* MATERIAL FOR THE TASK *
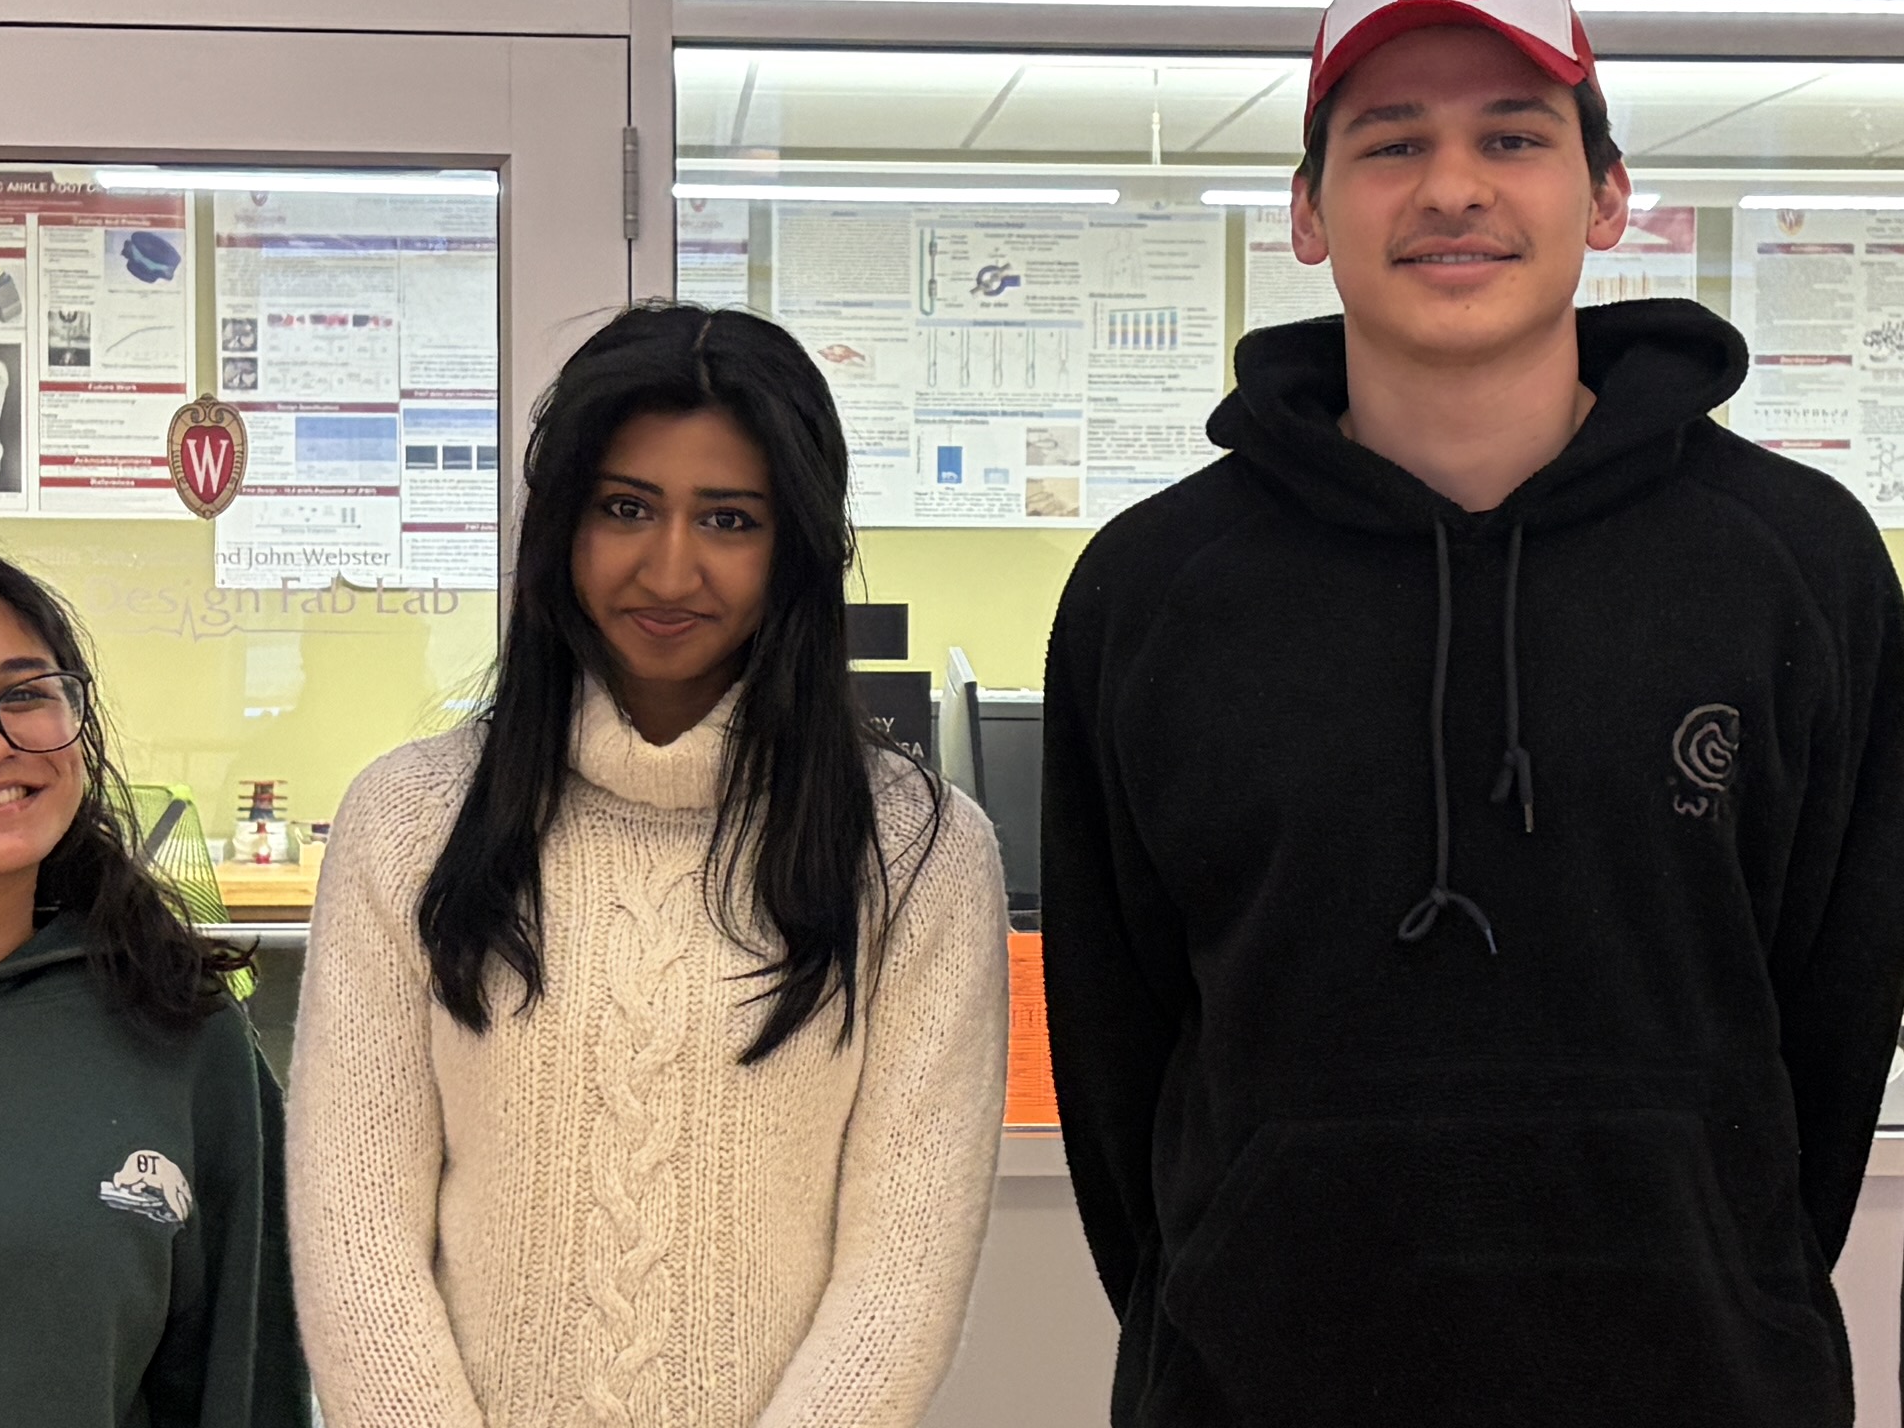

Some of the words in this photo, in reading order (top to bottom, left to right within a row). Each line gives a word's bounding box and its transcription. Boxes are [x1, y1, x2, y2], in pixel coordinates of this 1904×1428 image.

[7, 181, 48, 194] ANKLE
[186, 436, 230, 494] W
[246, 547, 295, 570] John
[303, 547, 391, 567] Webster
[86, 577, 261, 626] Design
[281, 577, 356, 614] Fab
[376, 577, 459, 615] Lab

* ACTIVITY *
Return each line above word for word. Skip the pictures.

* WRITTEN SOLUTION *
Some of the words in this photo, in reading order (top to bottom, left to right within a row). Each line gives a word's bounding box and its transcription. Boxes are [x1, y1, x2, y2], in pixel coordinates of this 1904×1428 image.

[7, 181, 48, 194] ANKLE
[186, 436, 230, 494] W
[246, 547, 295, 570] John
[303, 547, 391, 567] Webster
[86, 577, 261, 626] Design
[281, 577, 356, 614] Fab
[376, 577, 459, 615] Lab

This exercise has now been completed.